Si è chiusa domenica 1 dicembre con un bilancio di quasi 2.200 escursionisti l'edizione 2019 di Trekking col Treno, l'iniziativa escursionistica promossa da Città metropolitana di Bologna - Destinazione turistica e CAI Bologna nata 28 anni fa per portare cittadini e turisti alla scoperta del nostro Appennino e non solo.

Confermata la filosofia dell'utilizzo di treno e bus per raggiungere i luoghi di partenza, anche grazie alla collaborazione con Tper e Trenitalia, il calendario 2019 proponeva 59 escursioni tra marzo e dicembre, distribuite in tutta l'area metropolitana di Bologna: dalle vette dell'Appennino Tosco-emiliano ai borghi tra le colline imolesi, fino alle passeggiate lungo gli argini e le aree protette della Pianura. Di queste escursioni solo 7 sono state annullate per maltempo o problemi tecnici, nonostante il clima non favorevole in diversi periodi del 2019. Complessivamente i partecipanti sono stati 2.136 su 52 escursioni, con una media di 41 escursionisti ad appuntamento. Alcuni trekking hanno contato più di 100 escursionisti, come ad esempio la notturna "In cammino con l'astrofisico" tra le colline di San Lazzaro, o l'escursione "La battaglia di Zappolino" nel parco regionale dell'Abbazia di Monteveglio.

Alcune escursioni sono state dedicate alle vicende storiche che hanno segnato il nostro territorio. Tra queste ad esempio la camminata commemorativa del 4 agosto sui luoghi della strage dell'Italicus nel 45° anniversario della strage. Altre escursioni hanno calcato tratti dei Grandi Cammini che attraversano il nostro territorio, dalla Via degli Dei alla Via della Lana e della Seta, dalla Piccola Cassia al Cammino di Sant'Antonio.

Molto positiva la collaborazione instaurata fra Trekking col Treno e Tavolo turistico dell'Appennino, il referente territoriale della governance di Destinazione turistica Bologna metropolitana basata sul principio della delega e della sussidiarietà attraverso la partecipazione "dal basso", che ha permesso di arricchire alcune escursioni con ospiti e testimonianze sui luoghi attraversati. Tra queste ad esempio l'incontro con un raccoglitore di mirtilli nel parco del Corno alle Scale nel corso dell'escursione "Mirtilli al Corno", con la possibilità di conoscere da vicino il lavoro manuale che permette di valorizzare una delle eccellenze del nostro Appennino.

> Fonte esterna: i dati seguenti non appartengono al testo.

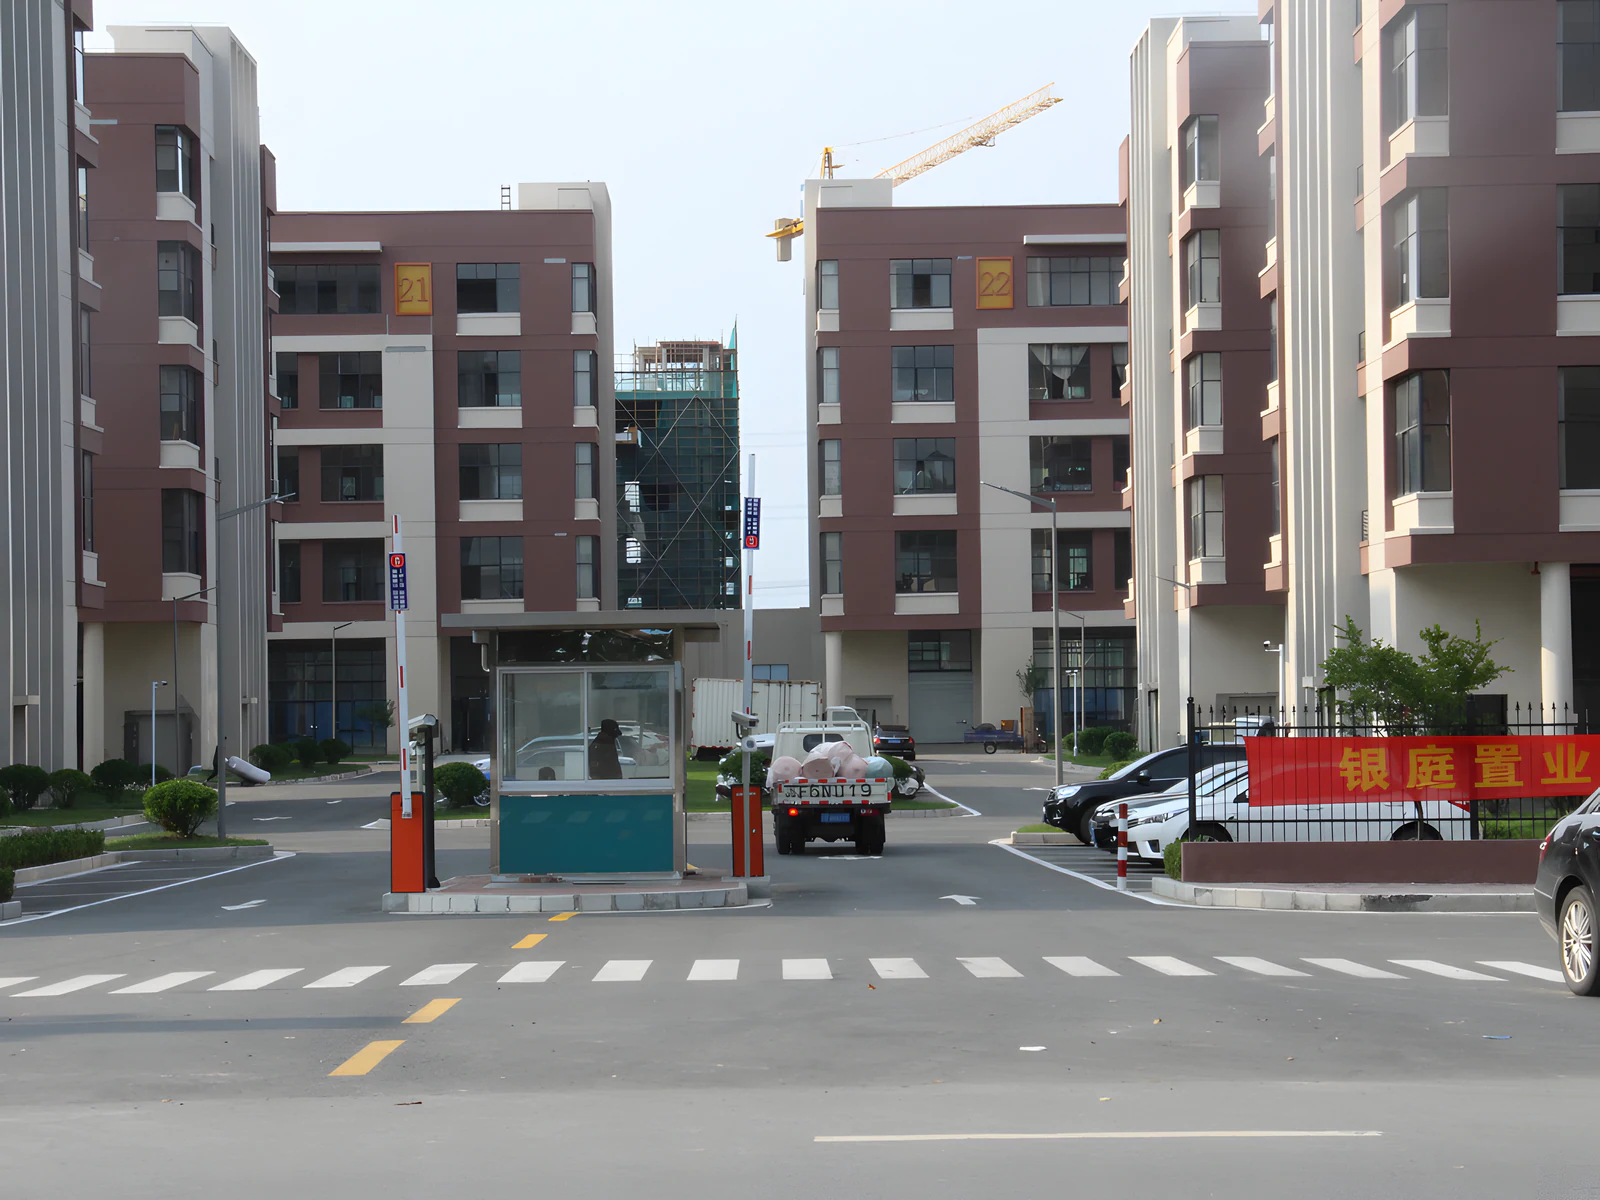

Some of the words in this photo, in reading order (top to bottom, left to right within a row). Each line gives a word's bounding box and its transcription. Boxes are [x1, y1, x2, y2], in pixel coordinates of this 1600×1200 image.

[398, 277, 428, 303] 21
[980, 271, 1010, 297] 22
[1339, 743, 1592, 792] 银庭置业
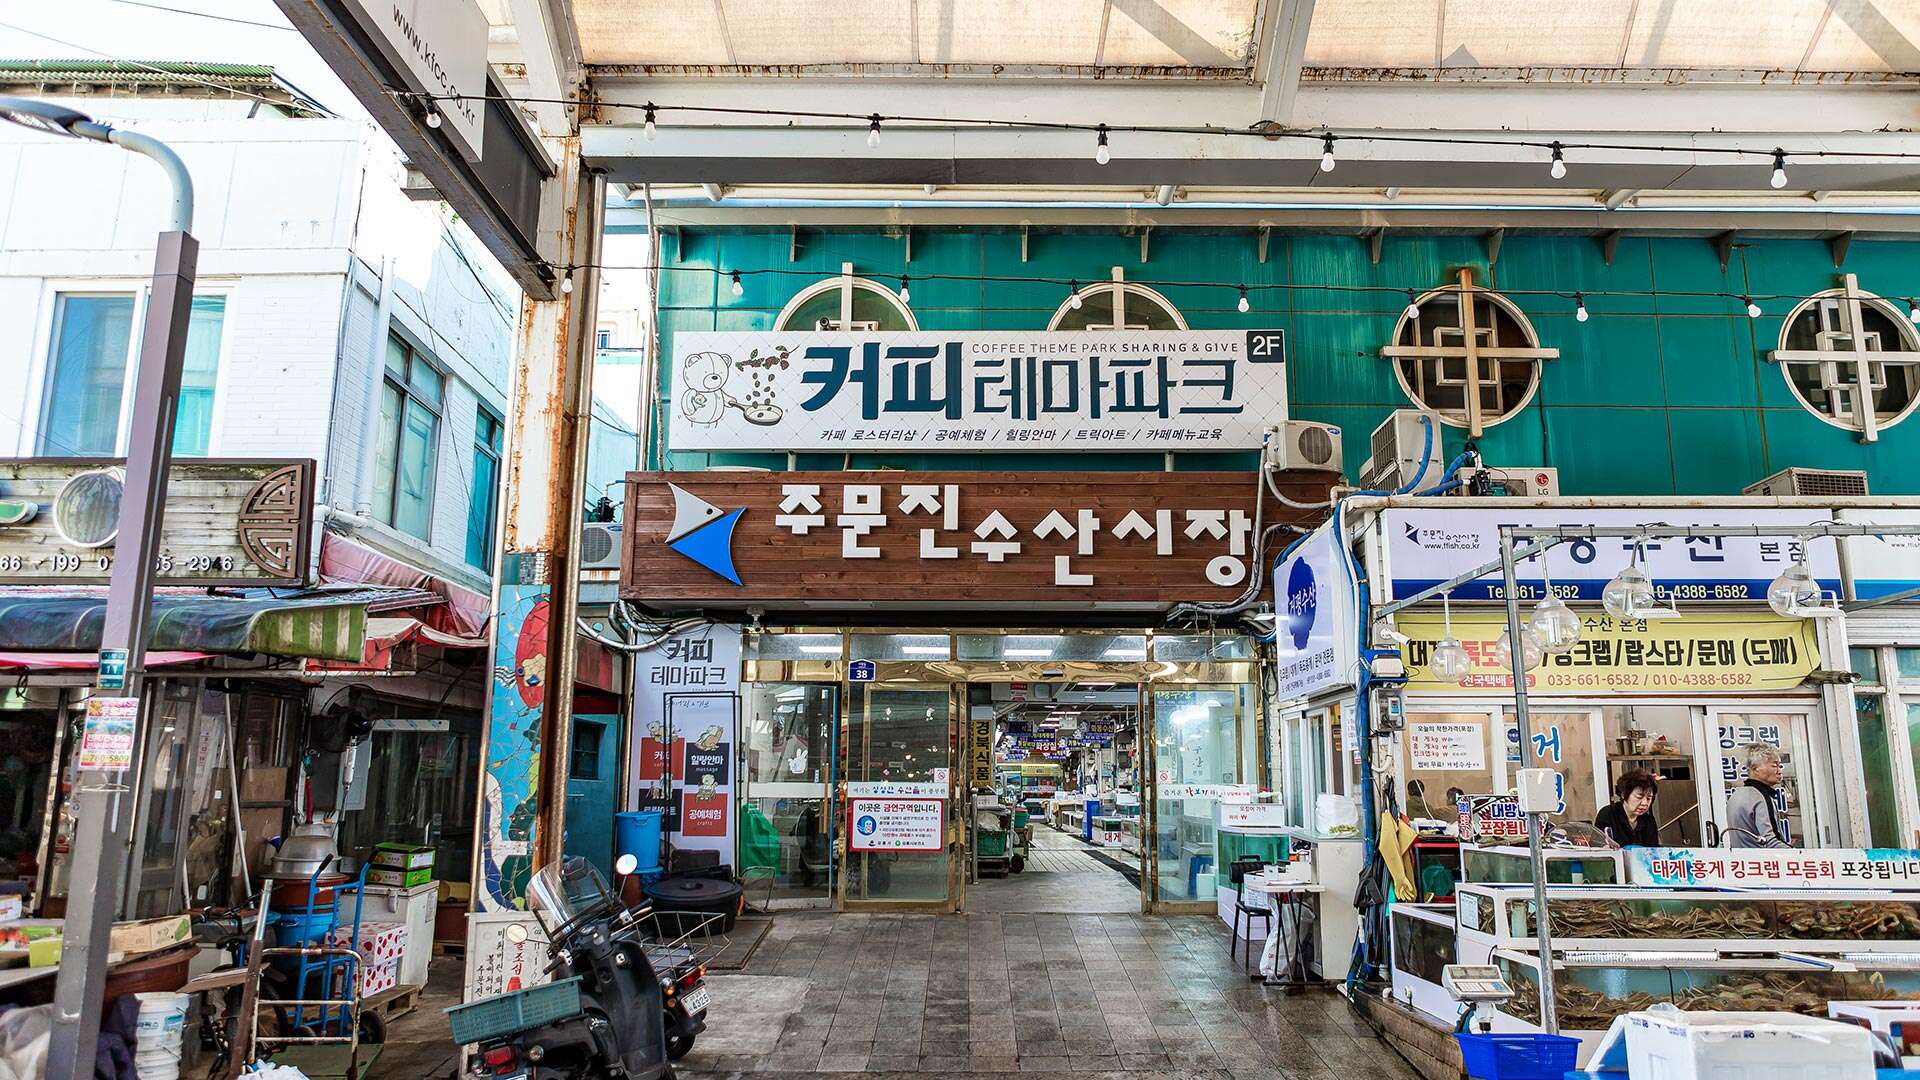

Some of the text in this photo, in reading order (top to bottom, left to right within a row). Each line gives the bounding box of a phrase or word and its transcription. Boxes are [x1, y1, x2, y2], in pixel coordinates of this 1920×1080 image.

Anche quest'anno Trekking col Treno ha visto la presenza di escursionisti stranieri, facilitata dal fatto che oltre metà delle escursioni avevano un accompagnatore che parlava anche inglese. Tra questi stranieri anche la straordinaria partecipazione di un giornalista del quotidiano inglese The Guardian, resa possibile dalla collaborazione con APT servizi e Bologna Welcome, e che ha trovato spazio sulle pagine del giornale britannico.

Trekking col Treno ritornerà nel 2020 a partire da marzo con un calendario che come di consueto comprenderà escursioni classiche e novità.